Images in the records should be skipped while the rest is transcribed verbatim.

RECORDS FOR THIS TASK: Begin

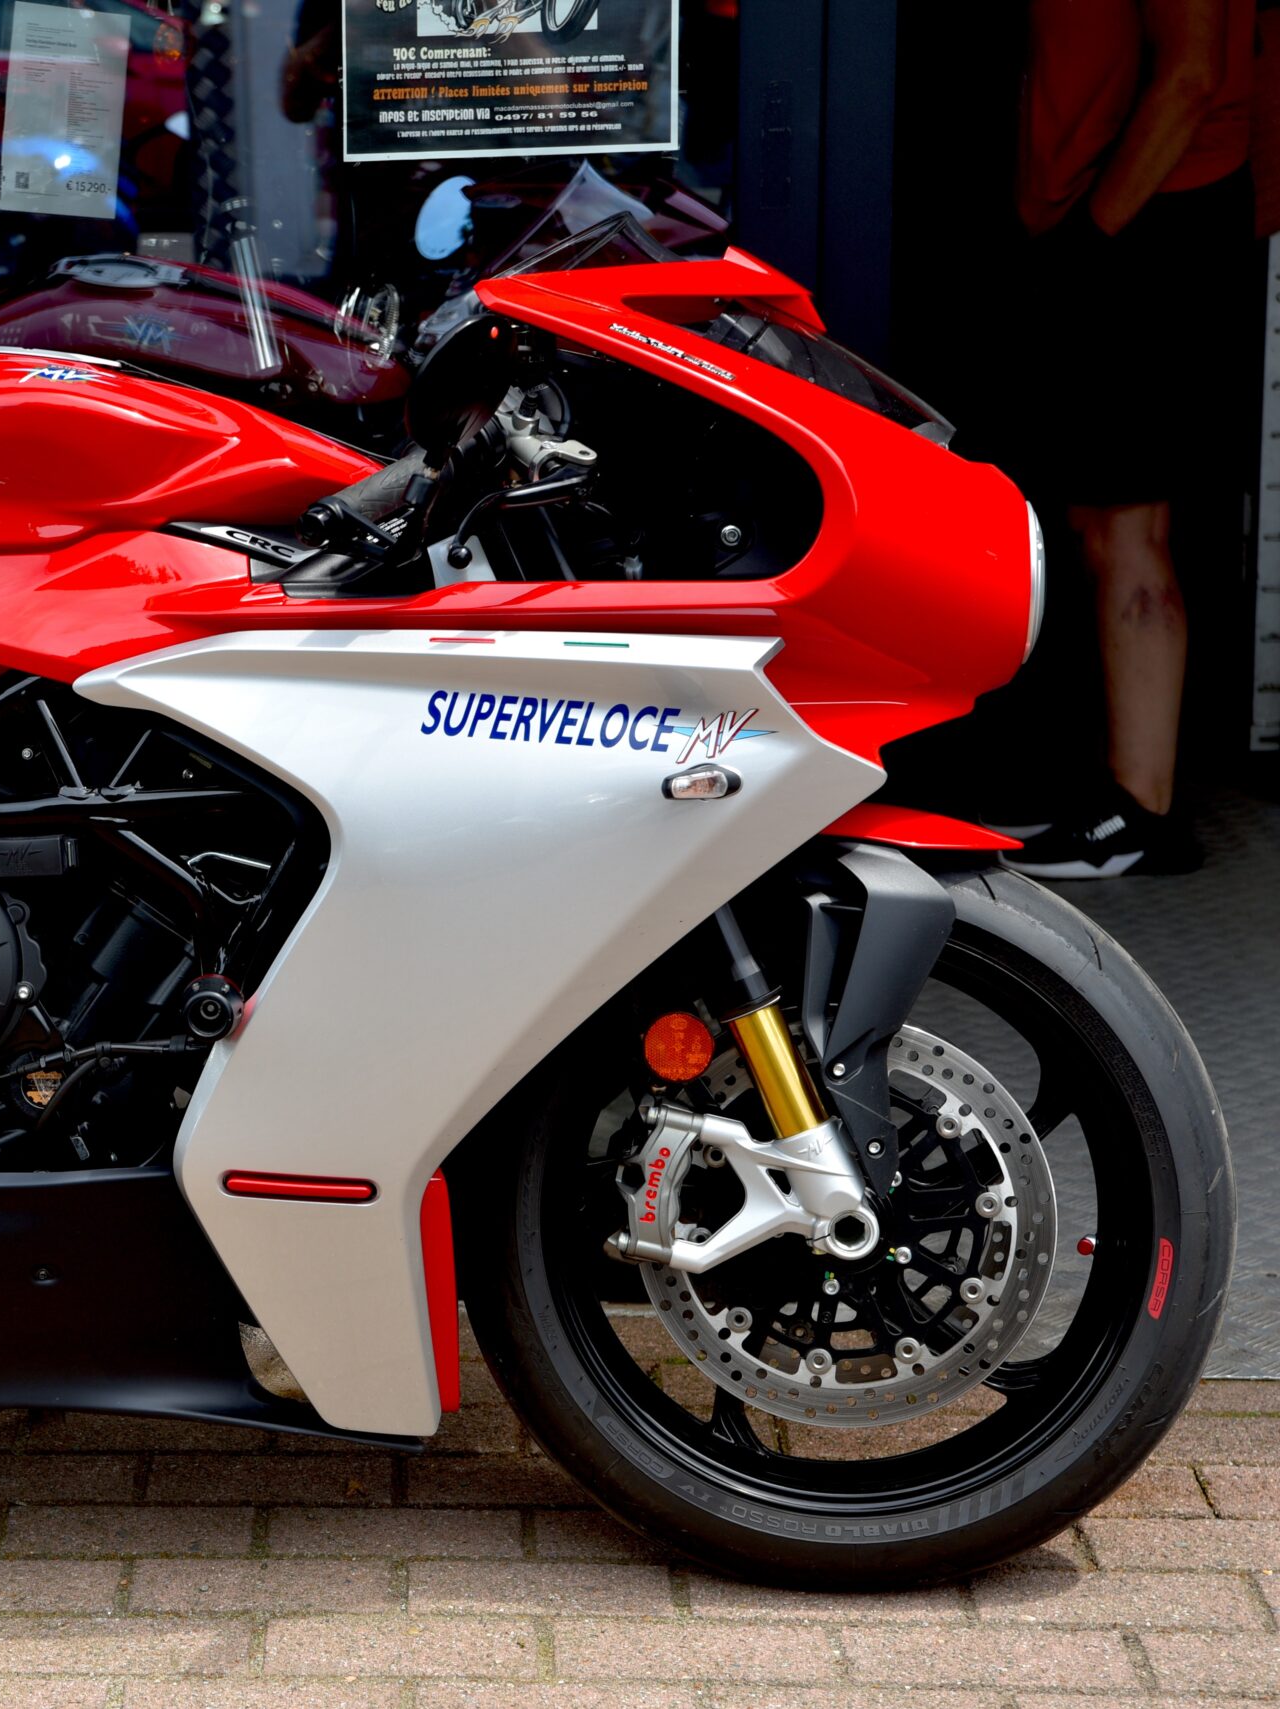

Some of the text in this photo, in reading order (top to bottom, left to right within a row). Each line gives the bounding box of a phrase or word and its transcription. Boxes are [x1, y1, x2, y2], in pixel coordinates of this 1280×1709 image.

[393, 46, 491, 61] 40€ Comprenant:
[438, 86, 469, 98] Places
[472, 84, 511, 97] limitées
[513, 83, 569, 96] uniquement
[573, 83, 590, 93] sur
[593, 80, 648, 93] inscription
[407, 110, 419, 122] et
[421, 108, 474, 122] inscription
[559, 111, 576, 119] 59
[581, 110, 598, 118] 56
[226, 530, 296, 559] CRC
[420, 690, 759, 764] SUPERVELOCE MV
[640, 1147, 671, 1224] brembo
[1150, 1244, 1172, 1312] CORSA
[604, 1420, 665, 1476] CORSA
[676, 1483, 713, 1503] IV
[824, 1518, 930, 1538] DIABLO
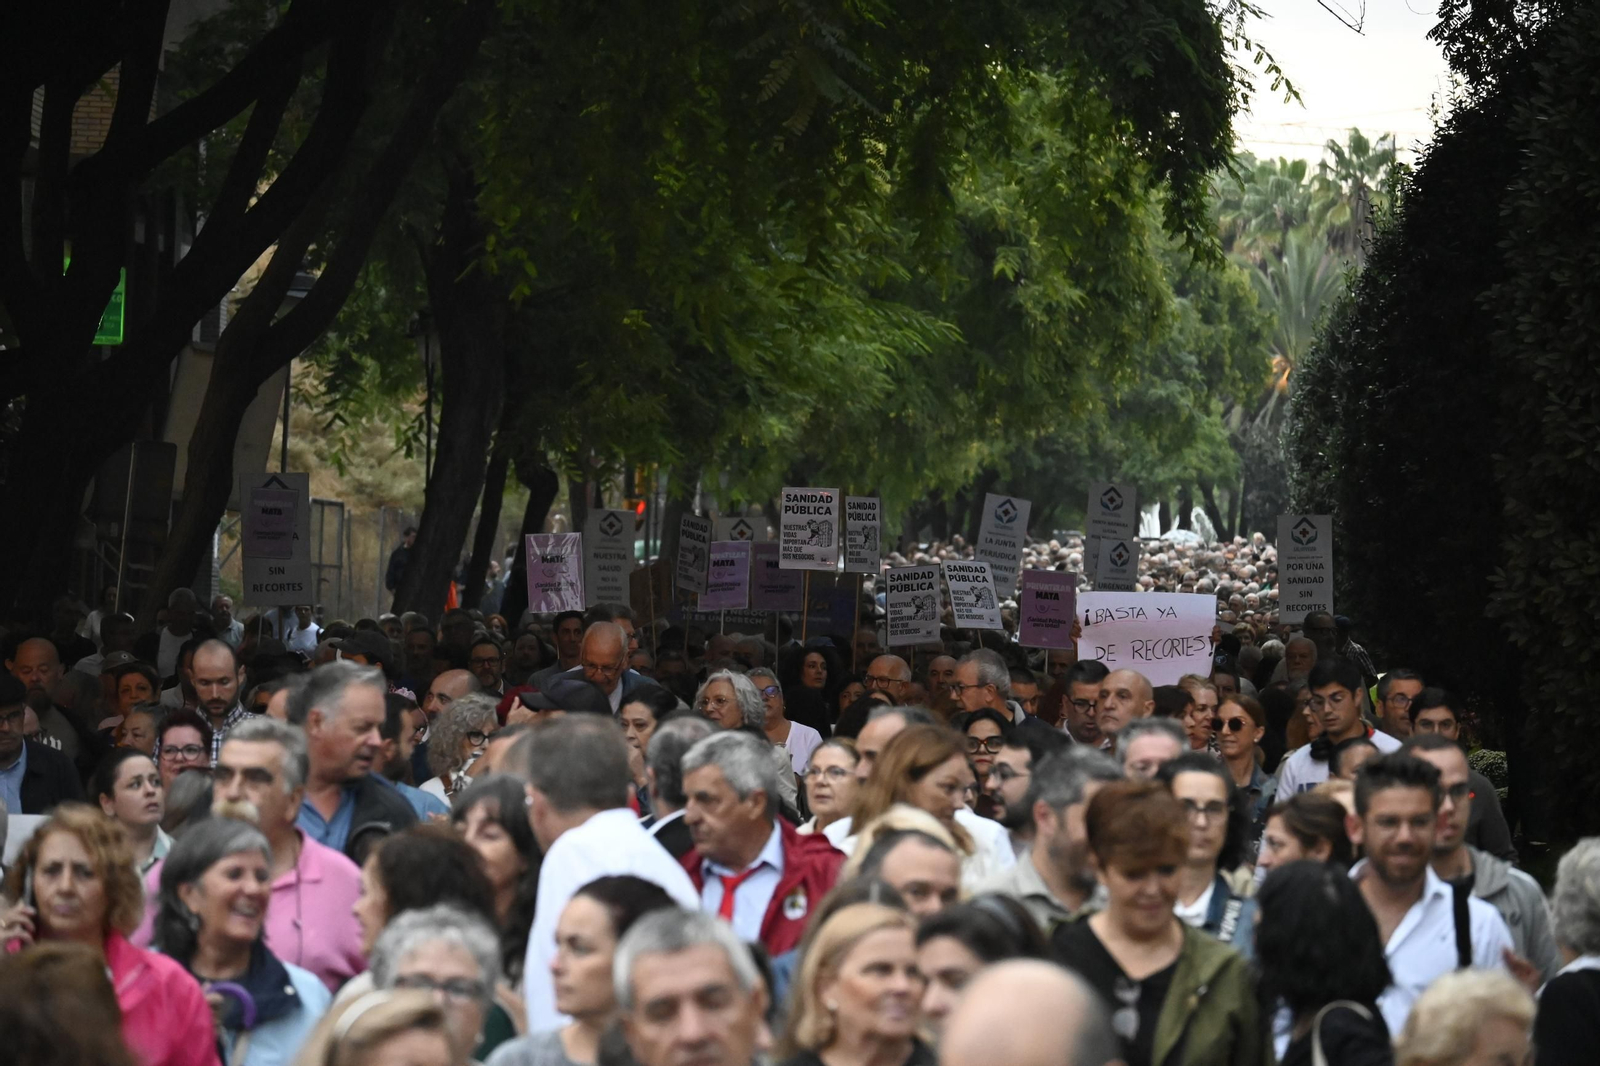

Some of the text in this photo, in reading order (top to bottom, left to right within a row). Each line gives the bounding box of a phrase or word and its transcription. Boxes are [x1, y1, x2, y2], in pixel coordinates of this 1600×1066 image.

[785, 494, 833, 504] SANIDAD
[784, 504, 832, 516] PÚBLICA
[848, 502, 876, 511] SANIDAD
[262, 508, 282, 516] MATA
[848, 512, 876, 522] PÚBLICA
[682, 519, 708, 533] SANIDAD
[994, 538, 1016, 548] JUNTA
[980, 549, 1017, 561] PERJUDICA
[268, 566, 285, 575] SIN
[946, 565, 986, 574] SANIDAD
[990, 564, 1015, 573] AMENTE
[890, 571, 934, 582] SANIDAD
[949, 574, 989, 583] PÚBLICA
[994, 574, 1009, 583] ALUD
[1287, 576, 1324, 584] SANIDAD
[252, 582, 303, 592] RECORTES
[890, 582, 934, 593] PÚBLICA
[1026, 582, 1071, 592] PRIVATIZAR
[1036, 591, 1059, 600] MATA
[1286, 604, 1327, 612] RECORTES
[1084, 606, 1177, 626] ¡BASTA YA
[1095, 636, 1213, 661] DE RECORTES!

RECORDS FOR THIS TASK: End

* [EXERCISE RESULT]:
Some of the text in this photo, in reading order (top to bottom, left to right within a row). Each line gives the bounding box of a phrase or word and its transcription. Boxes are [x1, y1, x2, y2], in pixel coordinates of this 1280×1709 image.

[393, 46, 491, 61] 40€ Comprenant:
[438, 86, 469, 98] Places
[472, 84, 511, 97] limitées
[513, 83, 569, 96] uniquement
[573, 83, 590, 93] sur
[593, 80, 648, 93] inscription
[407, 110, 419, 122] et
[421, 108, 474, 122] inscription
[559, 111, 576, 119] 59
[581, 110, 598, 118] 56
[226, 530, 296, 559] CRC
[420, 690, 759, 764] SUPERVELOCE MV
[640, 1147, 671, 1224] brembo
[1150, 1244, 1172, 1312] CORSA
[604, 1420, 665, 1476] CORSA
[676, 1483, 713, 1503] IV
[824, 1518, 930, 1538] DIABLO

Some of the text in this photo, in reading order (top to bottom, left to right within a row). Each line gives the bounding box of a phrase or word and its transcription. Boxes are [x1, y1, x2, y2], in pixel coordinates of this 1600×1066 image.

[785, 494, 833, 504] SANIDAD
[784, 504, 832, 516] PÚBLICA
[848, 502, 876, 511] SANIDAD
[262, 508, 282, 516] MATA
[848, 512, 876, 522] PÚBLICA
[682, 519, 708, 533] SANIDAD
[994, 538, 1016, 548] JUNTA
[980, 549, 1017, 561] PERJUDICA
[268, 566, 285, 575] SIN
[946, 565, 986, 574] SANIDAD
[990, 564, 1015, 573] AMENTE
[890, 571, 934, 582] SANIDAD
[949, 574, 989, 583] PÚBLICA
[994, 574, 1009, 583] ALUD
[1287, 576, 1324, 584] SANIDAD
[252, 582, 303, 592] RECORTES
[890, 582, 934, 593] PÚBLICA
[1026, 582, 1071, 592] PRIVATIZAR
[1036, 591, 1059, 600] MATA
[1286, 604, 1327, 612] RECORTES
[1084, 606, 1177, 626] ¡BASTA YA
[1095, 636, 1213, 661] DE RECORTES!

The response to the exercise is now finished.